Disease Definition and Primary Mechanism Flashcards
General Rule of thumb for defining things:
-1: Chronic, acute, (+-degenerative)
-2: Surgical Sieve Classification:
VITAMIN-CDEF
Vasc, Infective, Traumatic, Autoimmune, Metabolic, Iatrogenic, Neoplastic, Congenital, Degenerative, Environmental, Functional.
-3: Part of the body it affects:
E.g; Small joints in hands, symmetrically,
E.g; Lung parenchyma, motor neurones
-4: Mechanism:
E.g; Via T-cell mediated…
-5: Characterised:
E.g; Characterised by swelling, stiffness
Osteoarthritis
-Degenerative
-Mechanical
-Loss of cartilage, bone remodelling: ‘Wear and tear”.
-Joint pain and stiffness, and functional limitation.
Rheumatoid Arthritis
A common chronic inflammatory joint disease commonly affecting the small joints in the hands and feet.
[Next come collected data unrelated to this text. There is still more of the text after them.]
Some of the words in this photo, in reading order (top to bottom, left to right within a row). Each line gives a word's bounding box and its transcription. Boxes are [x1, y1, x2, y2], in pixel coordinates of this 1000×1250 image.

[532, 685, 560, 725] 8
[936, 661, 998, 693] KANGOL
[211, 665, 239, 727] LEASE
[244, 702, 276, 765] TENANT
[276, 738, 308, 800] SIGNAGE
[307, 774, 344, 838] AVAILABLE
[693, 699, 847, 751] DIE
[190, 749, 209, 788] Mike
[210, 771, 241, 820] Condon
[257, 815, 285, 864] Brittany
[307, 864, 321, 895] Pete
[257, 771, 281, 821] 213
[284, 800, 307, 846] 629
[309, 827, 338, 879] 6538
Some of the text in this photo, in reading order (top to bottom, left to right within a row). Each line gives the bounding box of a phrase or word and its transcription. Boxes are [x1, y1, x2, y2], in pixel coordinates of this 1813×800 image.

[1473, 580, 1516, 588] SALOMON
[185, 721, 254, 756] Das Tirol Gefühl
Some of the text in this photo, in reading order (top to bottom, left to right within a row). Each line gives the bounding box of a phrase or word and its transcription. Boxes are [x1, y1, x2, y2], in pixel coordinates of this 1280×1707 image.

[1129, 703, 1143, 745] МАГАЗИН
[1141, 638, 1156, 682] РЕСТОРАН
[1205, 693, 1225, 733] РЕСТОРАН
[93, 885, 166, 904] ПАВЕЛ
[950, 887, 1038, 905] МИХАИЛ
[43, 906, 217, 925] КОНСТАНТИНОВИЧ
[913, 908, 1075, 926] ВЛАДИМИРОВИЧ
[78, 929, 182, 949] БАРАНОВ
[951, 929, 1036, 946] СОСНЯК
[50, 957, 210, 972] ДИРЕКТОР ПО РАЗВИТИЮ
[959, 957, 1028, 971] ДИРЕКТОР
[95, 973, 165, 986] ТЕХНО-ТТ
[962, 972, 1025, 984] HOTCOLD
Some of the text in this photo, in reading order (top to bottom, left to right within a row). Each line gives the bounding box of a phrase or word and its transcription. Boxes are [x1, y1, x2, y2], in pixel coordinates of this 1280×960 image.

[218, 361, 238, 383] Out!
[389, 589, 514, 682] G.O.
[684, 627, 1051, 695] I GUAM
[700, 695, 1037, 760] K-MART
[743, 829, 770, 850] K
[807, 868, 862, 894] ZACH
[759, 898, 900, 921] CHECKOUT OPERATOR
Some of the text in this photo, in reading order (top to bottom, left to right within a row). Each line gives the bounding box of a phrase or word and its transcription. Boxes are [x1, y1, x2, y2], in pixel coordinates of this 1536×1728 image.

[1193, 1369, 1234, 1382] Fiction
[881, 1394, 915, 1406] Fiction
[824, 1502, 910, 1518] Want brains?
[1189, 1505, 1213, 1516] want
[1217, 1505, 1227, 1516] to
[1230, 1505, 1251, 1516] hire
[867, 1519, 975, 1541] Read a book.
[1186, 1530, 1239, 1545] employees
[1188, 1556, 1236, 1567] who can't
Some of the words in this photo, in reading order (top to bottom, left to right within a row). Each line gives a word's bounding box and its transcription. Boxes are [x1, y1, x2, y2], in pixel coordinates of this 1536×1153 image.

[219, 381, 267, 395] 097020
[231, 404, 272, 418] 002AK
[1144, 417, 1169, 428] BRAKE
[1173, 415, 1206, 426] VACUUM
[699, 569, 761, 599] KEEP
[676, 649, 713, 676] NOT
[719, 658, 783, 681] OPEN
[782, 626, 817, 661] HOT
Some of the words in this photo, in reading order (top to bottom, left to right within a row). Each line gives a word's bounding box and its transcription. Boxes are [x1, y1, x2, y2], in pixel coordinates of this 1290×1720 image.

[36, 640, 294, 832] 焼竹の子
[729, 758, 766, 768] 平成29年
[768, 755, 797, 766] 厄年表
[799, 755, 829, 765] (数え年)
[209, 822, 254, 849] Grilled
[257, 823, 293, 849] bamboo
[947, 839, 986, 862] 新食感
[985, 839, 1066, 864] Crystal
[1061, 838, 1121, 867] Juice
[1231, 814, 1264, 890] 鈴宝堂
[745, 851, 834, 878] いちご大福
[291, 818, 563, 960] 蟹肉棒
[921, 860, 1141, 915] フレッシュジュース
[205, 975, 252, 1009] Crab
Characterised by symmetrical swelling, stiffness, and pain in multiple small joints.
Osteoporosis
A skeletal disease characterised by low bone-density and micro-architectural defects which results in increased bone fragility and susceptibility to fractures.
Gullian-Barre Syndrome
An acute autoimmune inflammatory disease affecting peripheral motor and sensory axons, causing reactive demyelination, characterised by loss of motor and/or sensory function initially in a glove-and-stocking distribution, before spreading proximally.
Multiple Myeloma
A chronic neoplastic condition of bone-marrow plasma cells where excessive monoclonal antibodies are produced, characterised by renal dysfunction, anaemia, and bony-lytic lesions causing pain.
Pneumonia
Classically an acute infective condition of the lung parenchyma caused by infiltration with bacteria, viruses, fungi, or protozoa which then cause inflammation, characterised by cough and breathing difficulties.
Femur fracture
A hyperacute traumatic condition of the femur, caused by mechanical impact, breaking the bone tissue, characterised by severe pain, immobility, and often neurological and vascular damage.
Minimal Change Disease
An acutely presenting condition of damage to glomerular podocytes, with multiple possible aetiologies, most commonly idiopathic, resulting in excessive protein excretion in the kidneys (nephrotic syndrome), characterised by oedema, hyperlipidaemia, and hypoalbuminaemia.